The Journal of Alzheimer’s Disease has published an editorial, signed by thirty-one researchers from institutions across several continents, calling on a re-evaluation of the disease’s origins:
We are researchers and clinicians working on Alzheimer’s disease (AD) or related topics, and we write to express our concern that one particular aspect of the disease has been neglected, even though treatment based on it might slow or arrest AD progression. We refer to the many studies, mainly on humans, implicating specific microbes in the elderly brain. . .
They’re referring specifically to HSV1, chlamydia, and some spirochete bacteria species, all of which have been found (in one study or another) to be elevated in the brain tissue of AD patients. They reference the (not very strong) studies suggesting fungal infection, but those aren’t really part of their argument, most of which concerns evidence for HSV1. They propose that these infectious agents are latent in brain tissue until reactivation by aging or stress, and that the pathology of Alzheimer’s is due to their actions and to the inflammatory response to them.
This is not a crazy idea (nor is it a new one, for that matter).
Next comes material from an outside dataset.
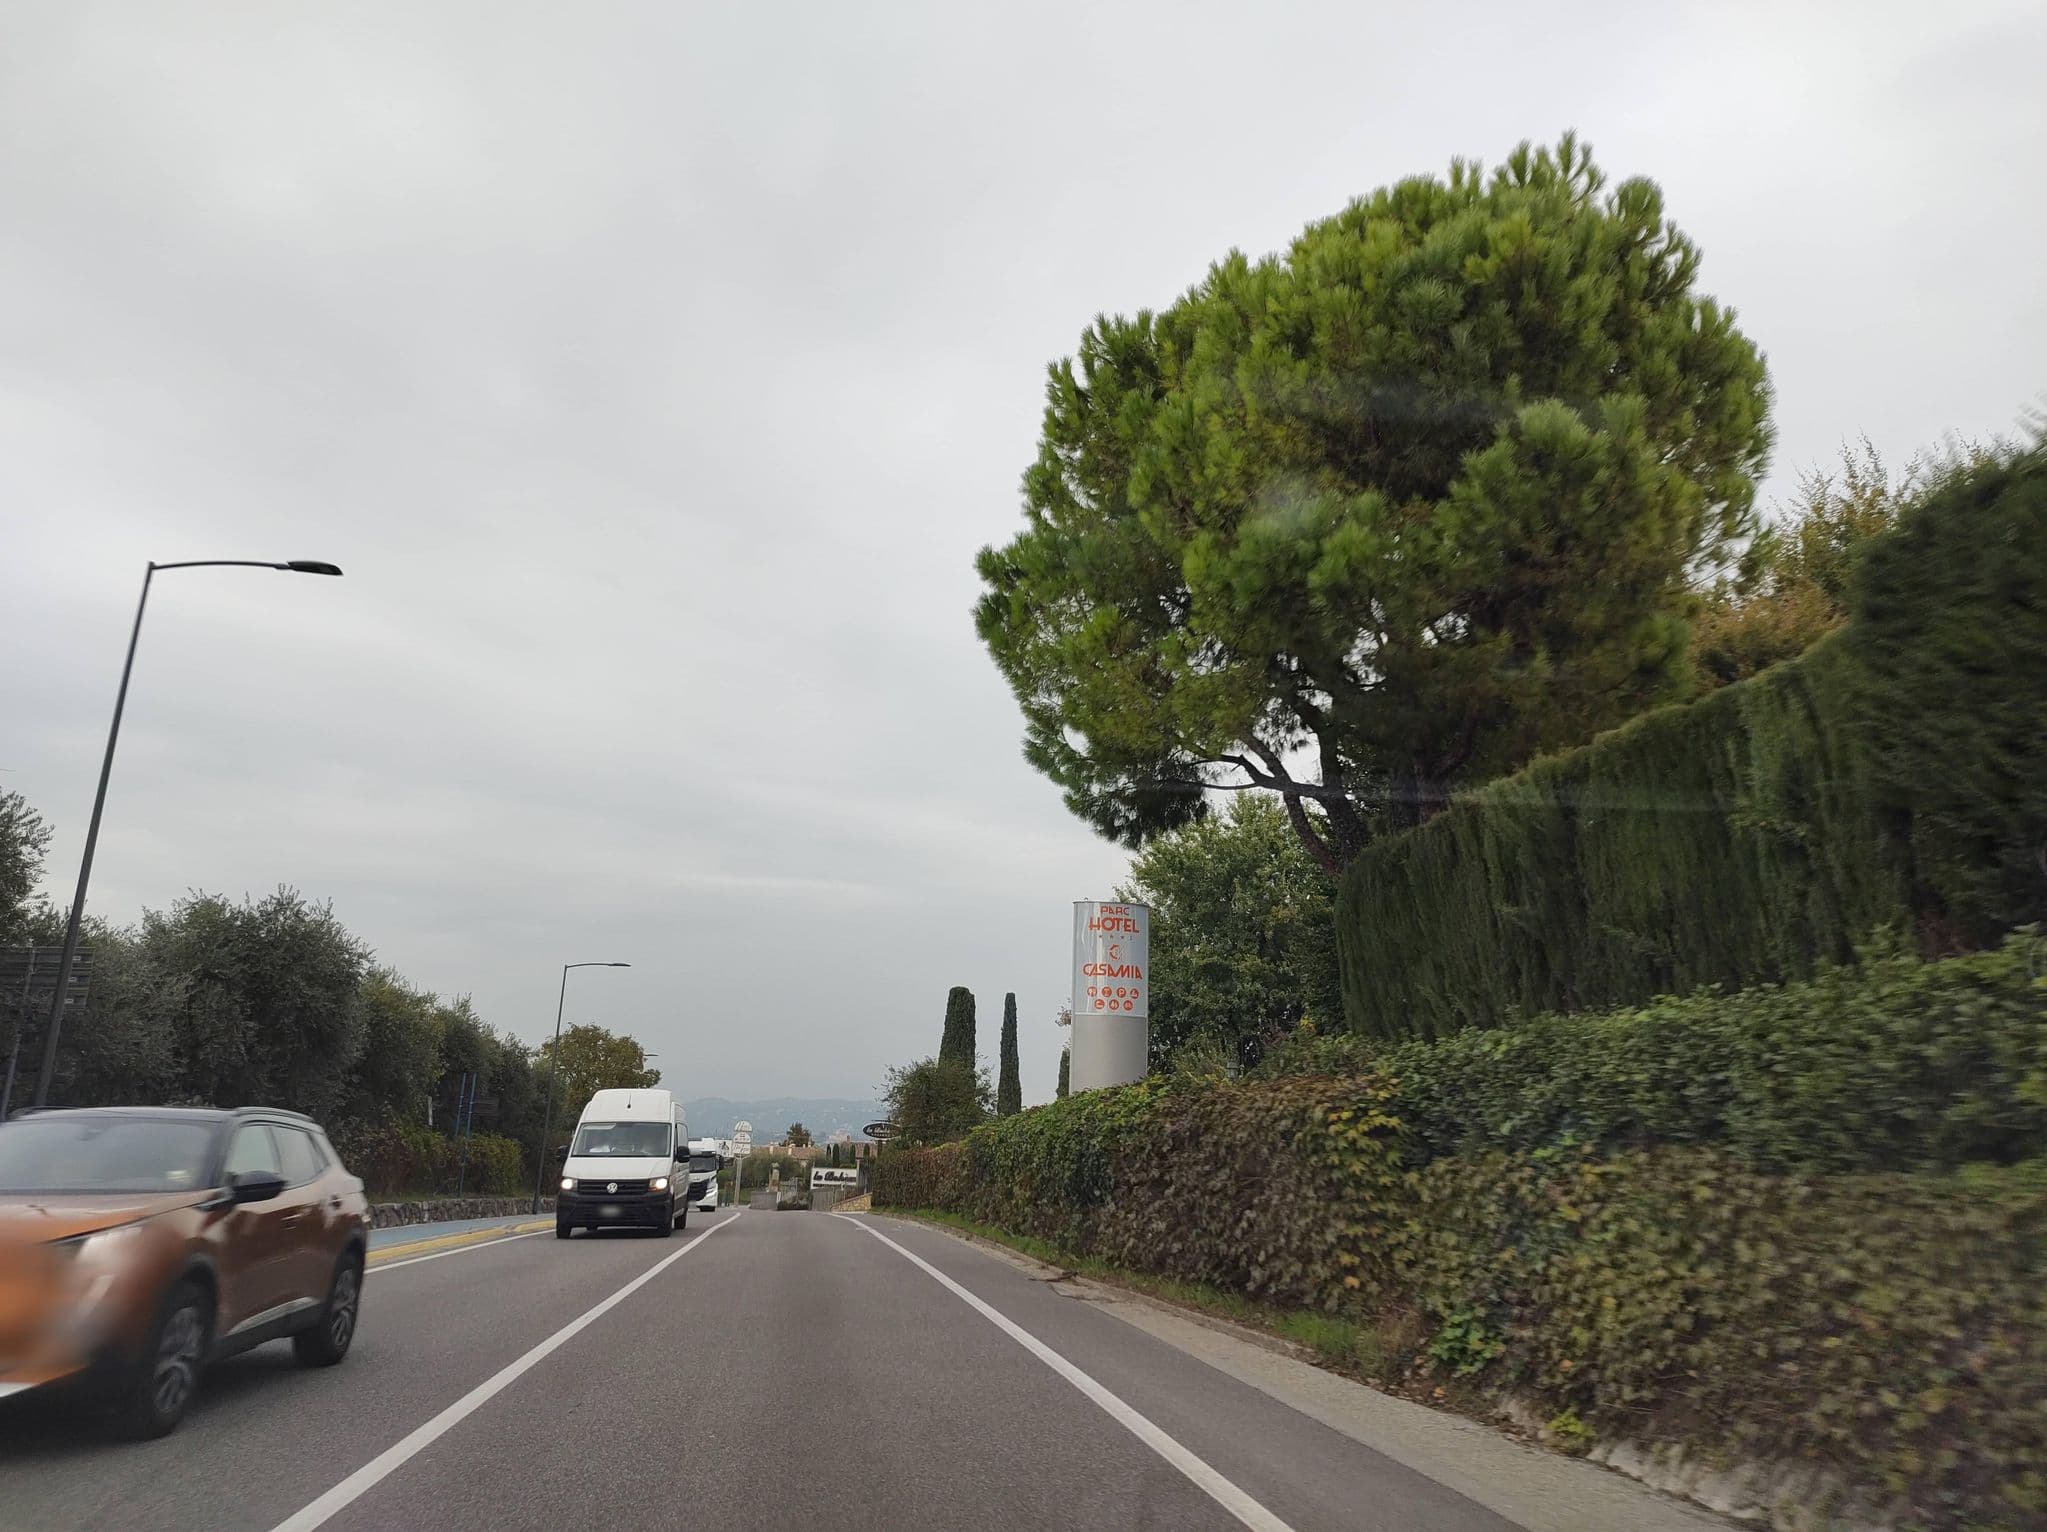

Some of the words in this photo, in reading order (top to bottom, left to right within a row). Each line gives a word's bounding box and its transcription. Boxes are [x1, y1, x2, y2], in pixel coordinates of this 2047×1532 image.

[1100, 905, 1130, 916] PARC
[1089, 917, 1140, 933] HOTEL
[1083, 963, 1143, 980] CASAMIA
It’s certainly not in the mainstream of Alzheimer’s research, as many in the field have said when called on for comment over the last few days, but it’s not the work of a bunch of cranks, either. The editorial ends up by saying “We propose that further research on the role of infectious agents in AD causation, including prospective trials of antimicrobial therapy, is now justified”. And that’s both the good part and the bad one about this area. The good part, which is indeed very good, is that this is a testable hypothesis. There are therapies for all the infectious agents mentioned, and if they really are the cause of Alzheimer’s, then you’d think that giving them to an elderly cohort would lead to a notable decrease in AD compared to the general population.
The bad part is that clinicians have been reluctant to dose these patients with years of antibiotics or antivirals for what may be no good reason. You’d want to be sure that whatever drugs you’re giving can achieve sufficient levels in the brain as well, which could be a challenge – if you have to go to the more direct methods of dosing for the CNS, that’s going to make getting a clinical trial off the ground nearly impossible. This editorial, in the end, is saying that it’s time to go ahead and try this, though, that the existing AD therapies have by now had enough trouble delivering meaningful results that other hypotheses are looking more valuable than they might have twenty-five years ago.
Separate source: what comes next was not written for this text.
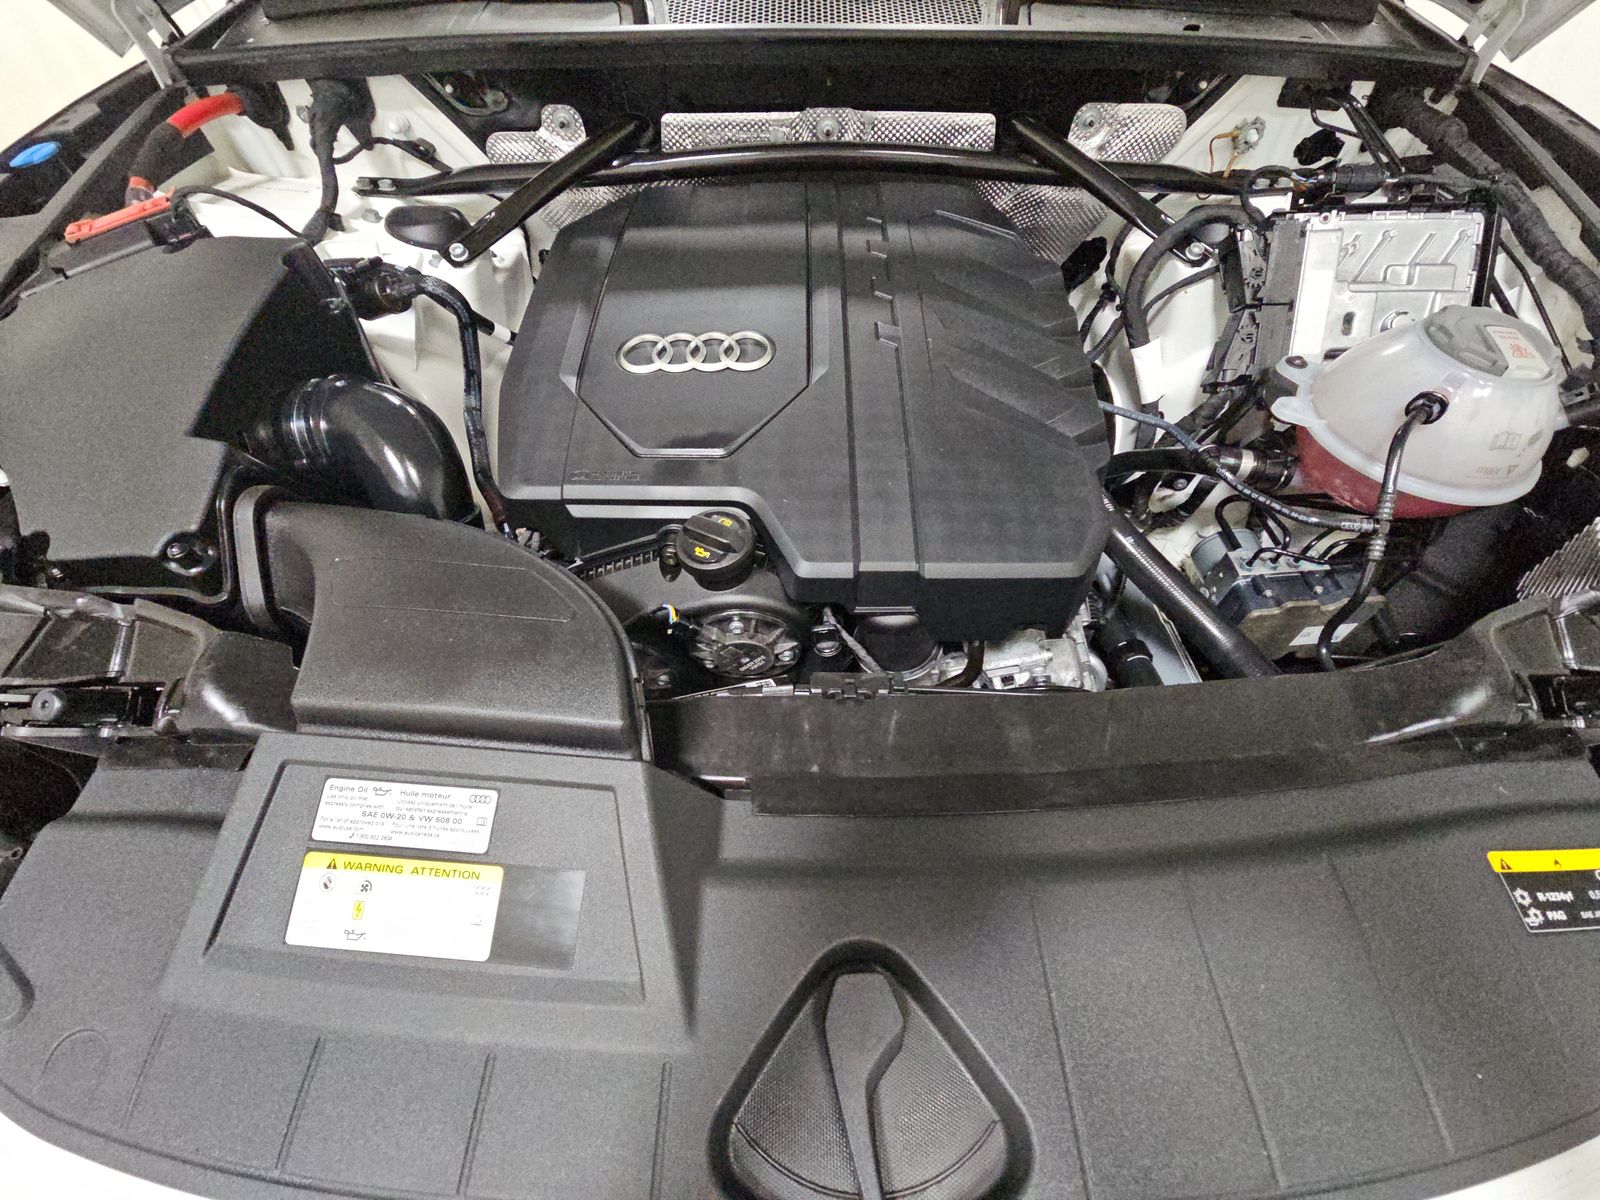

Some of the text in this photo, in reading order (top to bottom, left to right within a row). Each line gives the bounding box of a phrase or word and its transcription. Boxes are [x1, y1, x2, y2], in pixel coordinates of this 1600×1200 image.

[330, 784, 355, 792] Engine
[380, 812, 407, 820] 0W-20
[343, 861, 481, 880] WARNING ATTENTION
[1546, 910, 1567, 921] PAG
It’ll still be a tough sell. Ideally, you’re going to want to find older patients who (as far as can be told) have nothing wrong with them, and sign them up for what could well be years of anti-infectious drug dosing. You’re going to have to find someone who’s willing to pay for this, someone who’s willing to sign off on it as an acceptable clinical trial, and round up enough patients who are willing, after informed consent, to give it a try. None of those are going to be trivial. But overall, I tend to think that these authors are right – not that Alzheimer’s is caused by infectious organisms (I have no idea if it is or not). But I think that they’re right that it’s time to find out.